Sunday, March 28, 2021

Jesus Came For the Lost

 

John 12:20-33

Luke 18:31-19:10 

 

               Today we have three very packed stories back to back.  In the first, we hear Jesus’ final prediction about his death and resurrection, stating he will be rejected by the religious leadership, given over to human hands, and finally given to the political powers of the time who would kill him.  In the second section we hear about the healing of the blind man, and in the third we have the story of Zacchaeus.  And once again, while the stories are separate, are different, they are also related to one another and all center around the question of seeing, of blindness, and of the salvation that comes just from being open in our sight. 

               The religious authorities, as we know, were completely blind to the good that Jesus was bringing.  They feared him, they feared his sway over the people, they feared his radical ideas about inclusion and love of even those others despised.  They would reject him because he threatened the life that they were comfortable with, he threatened their way of doing things.  And because of all of this, they were blind.  The disciples, too, were blind.  Jesus talked to them again and again about what was going to happen and the fact that he would be killed.  But, as we are told throughout the gospels and here, once more, “But the Twelve understood none of these words. The meaning of this message was hidden from them and they didn’t grasp what he was saying.”  The people in the crowd were blind as Jesus passed through.  When the blind man was calling out for his help, the people in the crowd just kept trying to shush the blind man, failing to see that his care was Jesus’ concern, his well-being was Jesus’ well-being, and, indeed, theirs as well. 

               In the gospel reading from John we see a similar situation.  A voice from heaven calls down “I have glorified my name and I will do it again.”  And the people not only can’t see, they also don’t hear.  “it’s thunder.”  “An angel spoke to him.”  As Jesus said, the invitation to see, the invitation to hear, this is not for Jesus’ sake.  It is not for God’s sake.  It is for ours.  But seeing, hearing is difficult, especially if we don’t WANT to see or hear.  If we don’t like what is being said, seeing and hearing can just feel too hard. 

               In great irony and in great contrast to all of this we have the blind man, who, though he cannot see physically, understands who Jesus is and what he is capable of.  In his vision, then, and in his humility, he cries out to Jesus for help.  Jesus asks him what he wants done for him, and in this, too, the man has clear sight.  He wants to see.  He knows who Jesus is and he knows what he wants and needs.  In response to that sight, then, Jesus gives him what he asks for.
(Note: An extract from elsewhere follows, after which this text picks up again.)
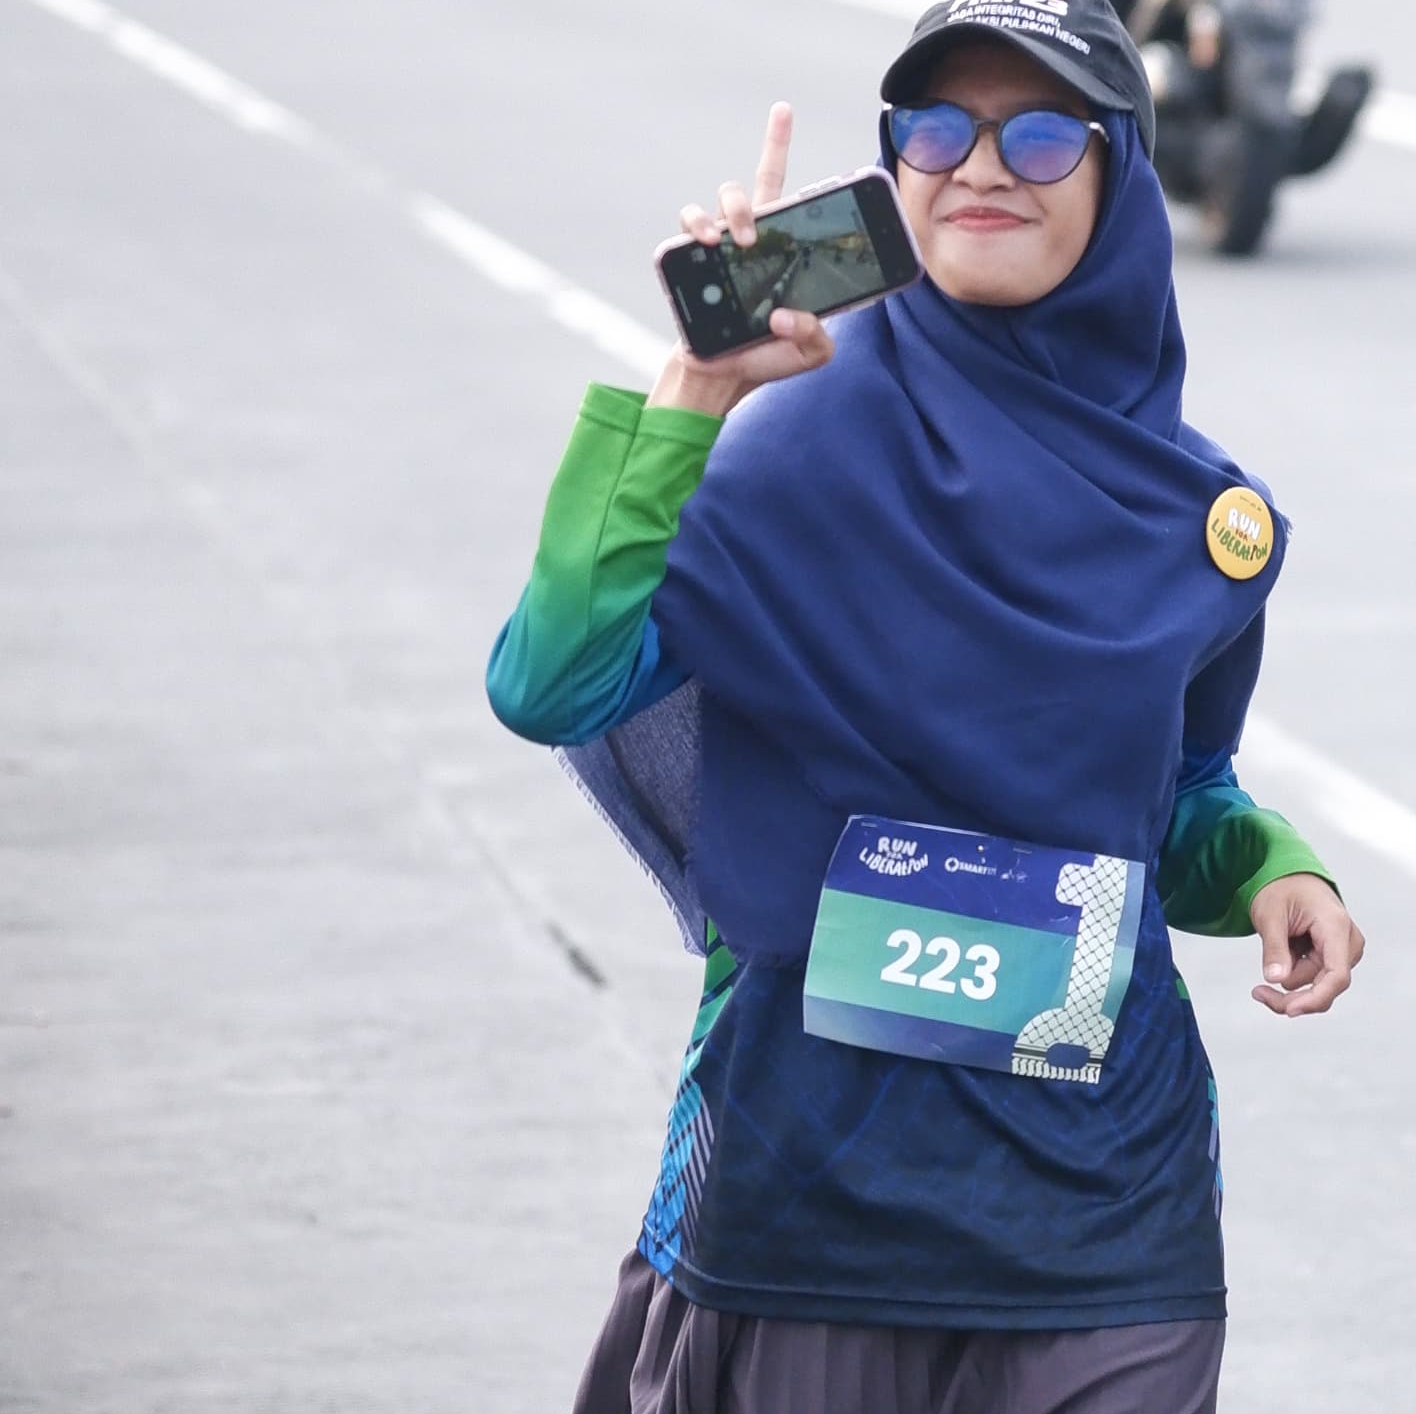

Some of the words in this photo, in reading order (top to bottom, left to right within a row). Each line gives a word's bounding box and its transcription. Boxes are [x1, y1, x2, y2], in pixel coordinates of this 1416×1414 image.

               Then we come to the story of Zacchaeus.  Zacchaeus was a chief tax collector, meaning he worked for the Roman system: an agent of the state, a Jew turned oppressor of his own people. People hated him, but probably would take his job if they could.  He had income, a job, was “rich”.   All tax collectors, by definition, at that time, were wealthy; they purchased the right to collect taxes and profit from what they charged above what people owed the empire. When some tax collectors asked John the Baptist, "Teacher, what should we do?" he said, "Collect no more than the amount prescribed for you" (3:12-13), which effectively put them out of business.  But somehow Zacchaeus had sight.  He knew that making a living wasn’t the same as making a life.  He had sight into that.  The story said he was of short stature.  It’s possible that this is literally true.  But some commentators suggest that the “short stature” was actually a metaphor, a way of saying that he was blocked from equal participation in the community because of his career. 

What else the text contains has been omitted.